At the Air Traffic Control Association’s technical symposium last month in Atlantic City, two NATCA members heavily involved in terminal automation modernization replacement efforts spoke on the future of NextGen and the union’s role in shaping it.

Attendees heard from both Mitch Herrick, a Miami controller and the NATCA lead for TAMR development, and Mel Davis, who works in San Diego and serves as the national representative for NextGen development. Herrick’s panel discussed “automation convergence,” discussing how NATCA can collaborate with both private industry and the FAA in developing the NextGen system.

Herrick said he envisions that one system could ideally handle the functions of both TAMR and En-Route Control. He said that the task of merging the two together is “monumental,” but there is a hope some framework could be in place by 2025 or so. He added that combining the two would allow both to flourish.

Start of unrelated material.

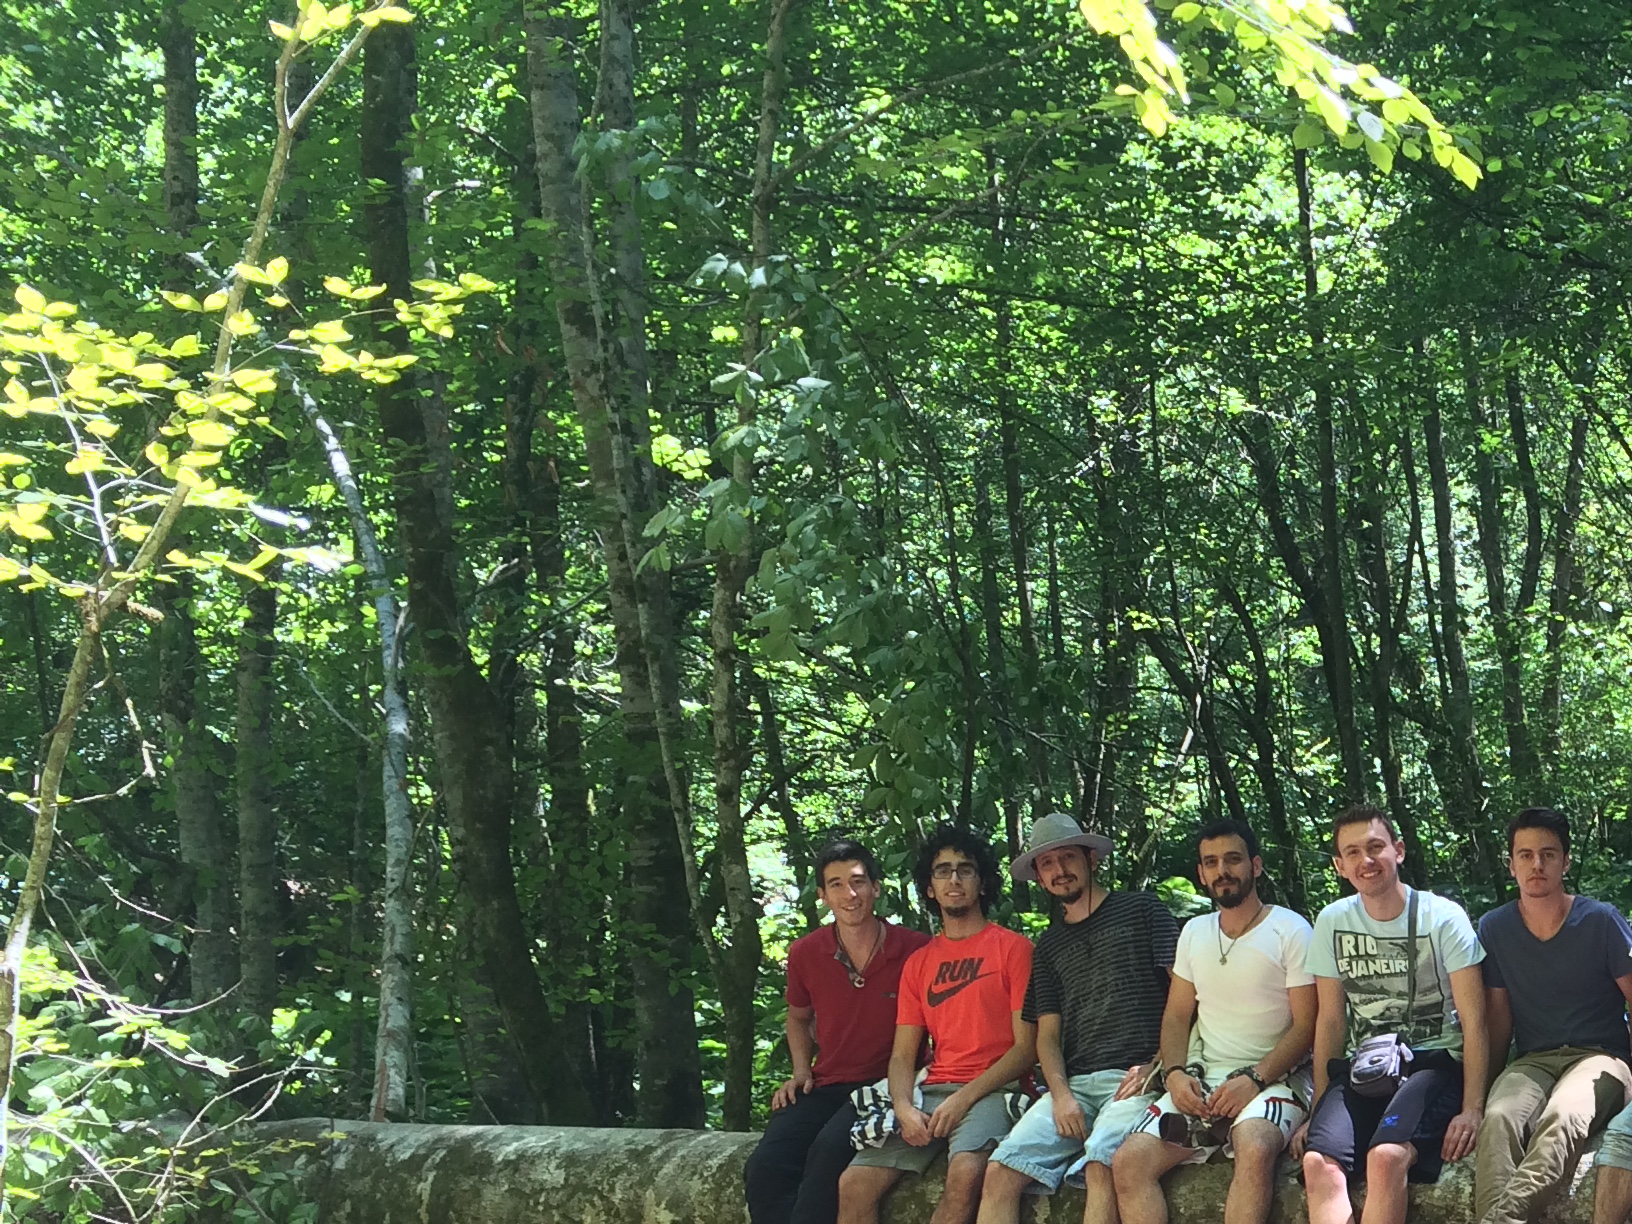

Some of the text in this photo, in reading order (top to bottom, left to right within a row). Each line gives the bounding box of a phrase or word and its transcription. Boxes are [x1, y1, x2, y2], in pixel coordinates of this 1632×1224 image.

[1341, 934, 1378, 957] RIO
[933, 957, 985, 986] RUN
[1337, 957, 1351, 973] DE
[1348, 958, 1409, 979] JANEIR

“With ever-growing automation technology/capability the two varying options of ATC could utilize the same automation platform,” he said. “A common platform would require widely adaptable capability that will result in the ability for TAMR and ERAM to maintain their individuality, which is necessary for the unique challenges each face.”

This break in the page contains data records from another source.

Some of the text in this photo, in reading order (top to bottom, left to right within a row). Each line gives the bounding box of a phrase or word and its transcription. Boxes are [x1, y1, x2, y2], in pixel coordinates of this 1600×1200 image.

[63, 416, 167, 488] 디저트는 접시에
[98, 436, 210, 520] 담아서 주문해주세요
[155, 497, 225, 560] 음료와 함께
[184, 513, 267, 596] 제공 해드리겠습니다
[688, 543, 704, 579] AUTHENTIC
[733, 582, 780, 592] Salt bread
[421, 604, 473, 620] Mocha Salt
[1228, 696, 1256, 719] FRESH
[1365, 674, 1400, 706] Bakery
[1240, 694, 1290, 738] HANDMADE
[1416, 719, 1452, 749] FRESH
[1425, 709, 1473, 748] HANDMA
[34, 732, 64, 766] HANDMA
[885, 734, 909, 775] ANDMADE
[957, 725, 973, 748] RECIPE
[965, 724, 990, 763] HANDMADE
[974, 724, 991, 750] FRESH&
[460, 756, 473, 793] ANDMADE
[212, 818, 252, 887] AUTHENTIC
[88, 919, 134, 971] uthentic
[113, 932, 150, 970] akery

Herrick admitted that this concept is “pretty ambitious,” but added that, with further projected air traffic growth over the next decade, technical advancements like this need to become reality at some point in the near future.  

Davis discussed the operational aspects of NextGen, which he said don’t really concern controllers that much. That said, he added that the key for NextGen is that the collaborative team makes sure they’re buying the right products.

He compared NextGen to an Apple computer by saying that that people use the fancy machines every day, but would have no idea how to put one together if all the parts were laid out separately on a table. Davis said his role will be to make sure that the parts are right, so then their team can go about figuring out how to assemble them.

“What we want to know is, ‘are we buying the right software, so to speak?’” Davis said. “What NATCA is deeply involved in is being a realistic customer of this technology to be sure that we can keep doing our jobs as well with it as we are now, only cheaper and faster.”

Davis echoed Herrick’s point about the importance of public-private collaboration, adding that the government, unions, and technology corporations all stand to gain greatly from NextGen’s potential, and necessary, success.

“We all need this to work, and we all need to make sure that it does,” Davis said of NextGen. “Some things we do now, we shouldn’t do, but we need new stuff to take its place and keep the good stuff right in the middle. Now we just need to go about the process of identifying what those things are, so that, like Apple, we can make the best possible product we can.”